企画案が出来た段階でも、今一度共有し、さらに意見をもらいます。
寄せられる「お声」を全て反映するということではなく、一つ一つ検討しながら、必要なバランスを考えて取り入れていきます。
そうすることで、最初には着想し得なかったブラッシュアップされた企画が育っていきます。
4、皆にとって自分事となる協働プロジェクトと、「共演者」の広がり
さまざまな異なる主体の知見が合わさった企画は、協働に関わる人たち皆にとっての自分事となります。
主導権を持つ一主体が机上で作成した企画を、予定調和的に進めることとは全く異なります。
協働プロジェクトが進む過程で、さらに新しい芽が生まれたり、意見やアイデアが追加されたり、常に企画が育っていきます。
そして、ますます関わる人たち皆にとって自分事となる協働プロジェクトとなっていきます。
関わる人たちは協働の「共演者」であり、共演者となった人たちは積極的に協働プロジェクトに関心を寄せて、主体的に一緒に取り組む仲間です。
また、直接協働に携わっていなくても、その協働プロジェクトに関心を寄せたり、応援したりしてくれる人たちも、広い意味での共演者です。

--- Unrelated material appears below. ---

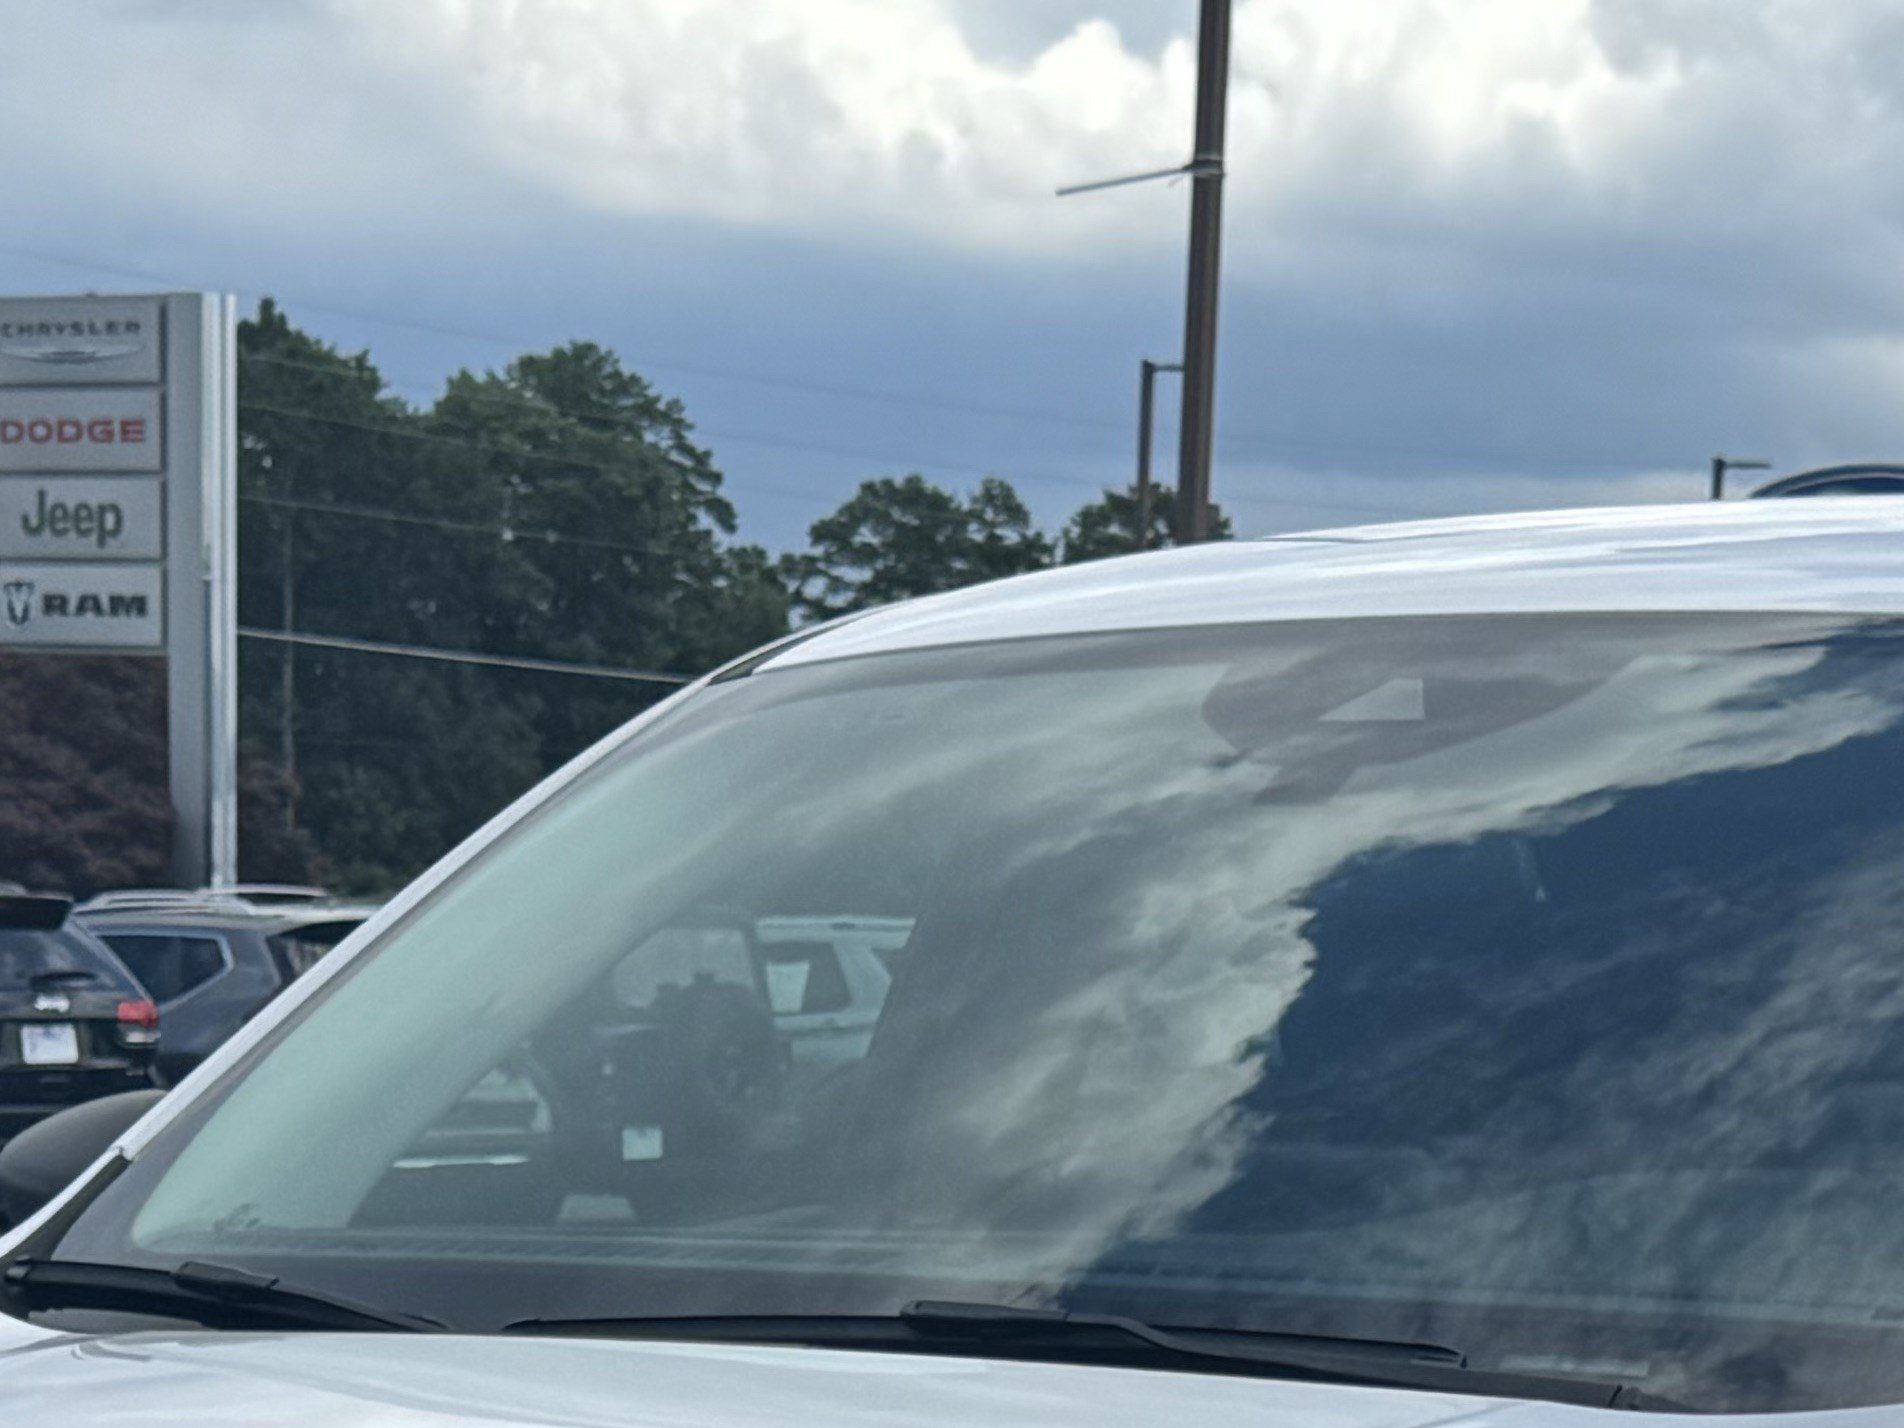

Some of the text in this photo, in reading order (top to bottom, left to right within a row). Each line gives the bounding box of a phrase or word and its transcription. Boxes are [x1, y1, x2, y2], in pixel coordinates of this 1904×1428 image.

関わる人たちにとって幸せな協働プロジェクトには、多くの共演者の広がりが生まれます。
5、報告とお礼、情報発信
協働プロジェクトを進めるにあたり、協働の共演者(関係者・応援者・フォロワー等)への報告とお礼をこまめに行うことで、継続的に共演者とコミュニケーションを取り、関係性を築いていくことができます。

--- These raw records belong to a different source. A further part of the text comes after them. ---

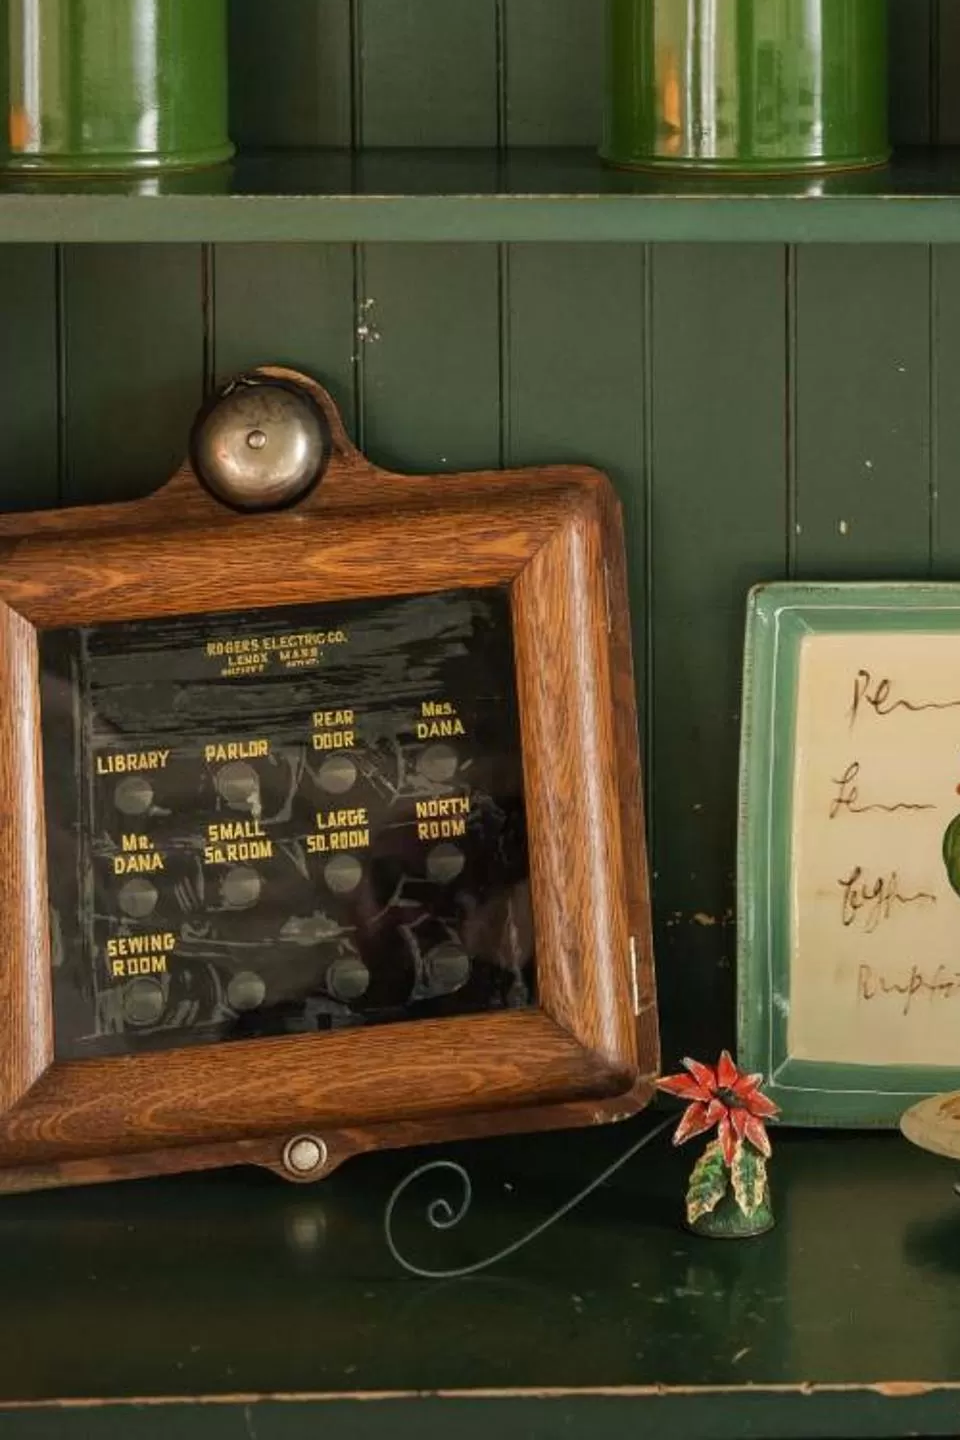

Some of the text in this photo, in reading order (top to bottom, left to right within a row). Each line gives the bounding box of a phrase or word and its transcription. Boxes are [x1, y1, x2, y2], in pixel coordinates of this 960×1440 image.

[206, 639, 260, 656] ROGERS
[262, 633, 326, 650] ELECTRIC
[313, 710, 355, 728] REAR
[417, 718, 466, 739] DANA
[205, 740, 269, 762] PARLOR
[312, 731, 355, 750] DOOR
[97, 750, 170, 775] LIBRARY
[416, 797, 470, 818] NORTH
[316, 808, 369, 830] LARGE
[418, 819, 466, 840] ROOM
[208, 820, 266, 842] SMALL
[330, 829, 370, 850] ROOM
[227, 840, 273, 862] ROOM
[114, 852, 165, 875] DANA
[107, 934, 175, 957] SEWING
[113, 956, 167, 977] ROOM
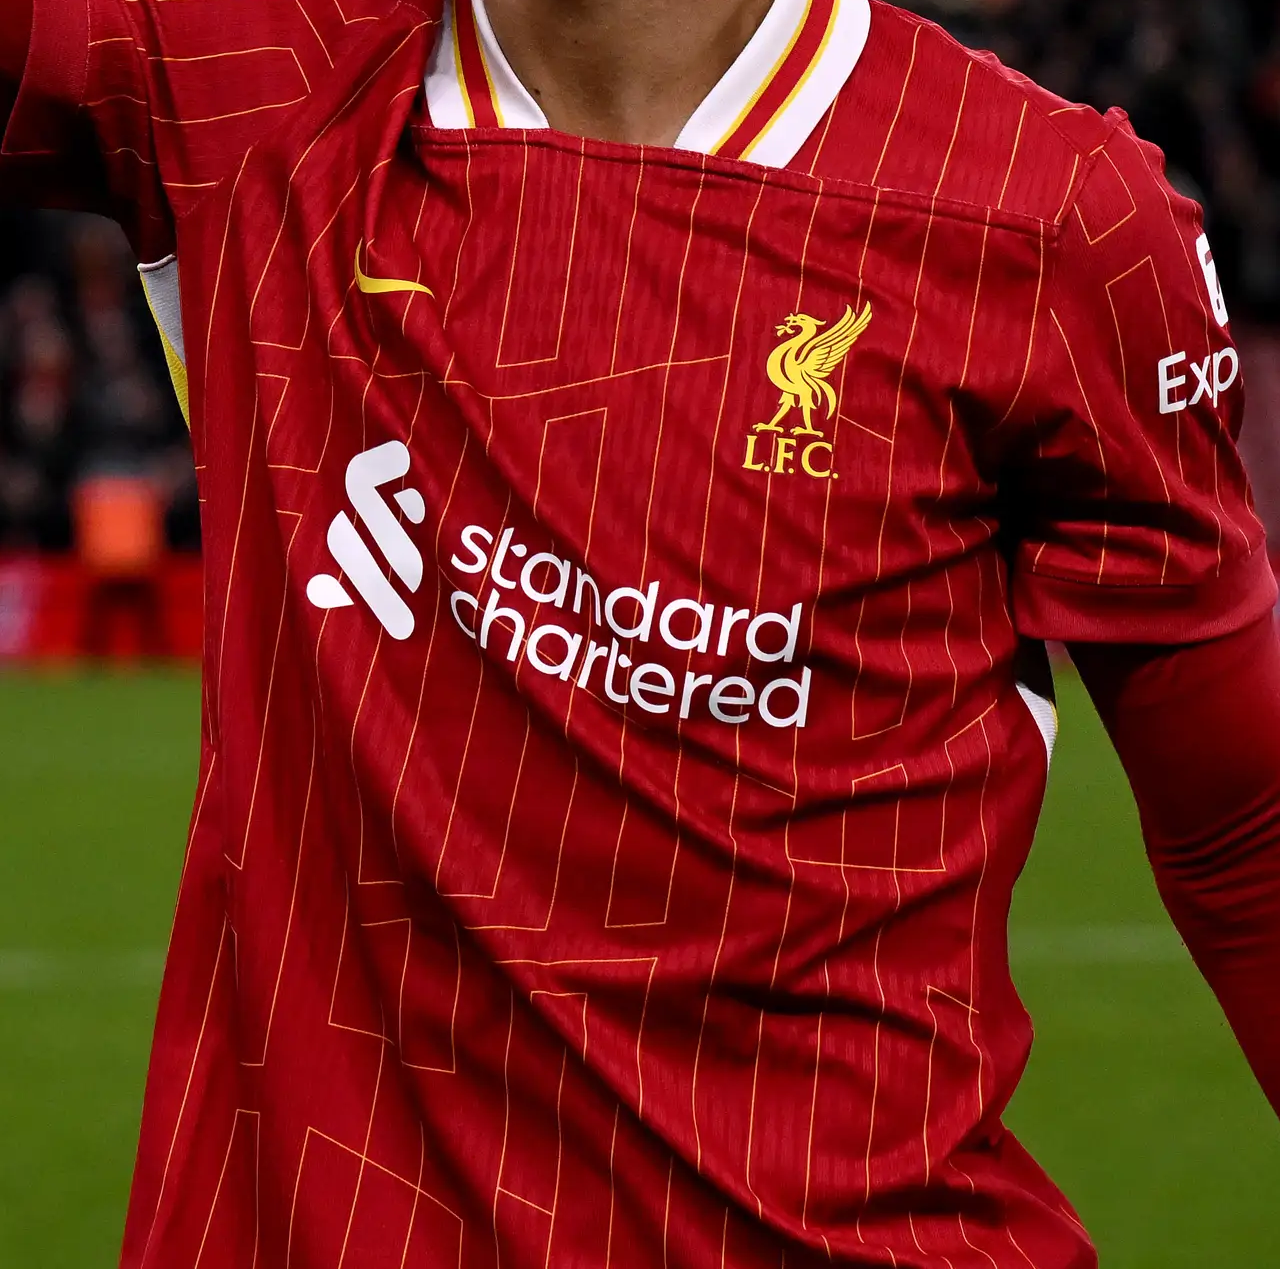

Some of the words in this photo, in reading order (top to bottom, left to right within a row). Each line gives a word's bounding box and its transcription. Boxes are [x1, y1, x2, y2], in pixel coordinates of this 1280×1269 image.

[742, 434, 840, 480] L.F.C.
[450, 523, 803, 663] standard
[450, 587, 812, 728] chartered

広報等に協力してくれた方々に、その都度、結果報告とお礼をメールでお伝えする。
SNSで「参加者募集」や「イベント告知」の投稿をしたら、後日報告の投稿をお礼の言葉を添えてアップする。
協働プロジェクトの節目のタイミング(例えば年度末など)には、一年間の報告とお礼をお伝えする。
また、公開可能な情報であれば、HPに丁寧に情報を蓄積していくことで、検索して見つけて興味を持ってくれる人たちが出てきます。
せっかく皆で協力して行う素敵な協働なので、取り組み内容をしっかり可視化して、発信していくことは重要です!
▶満足度の高い協働を!
たくさんの「共演者」たちと一緒に、協働プロジェクトを育んでいくことは、とっても幸せな仕事です。
関わる人たち皆の満足感の高い協働の取り組みが、全国各地で充実していくことを願っています。
※このnoteでは、各地での協働の推進を目的に、協働や協働コーディネーターについての一般論や考察、個人での地域との関わりなどを発信しています。(行政の職務上知り得た個別具体的な事例については書けませんので、ご了承ください。)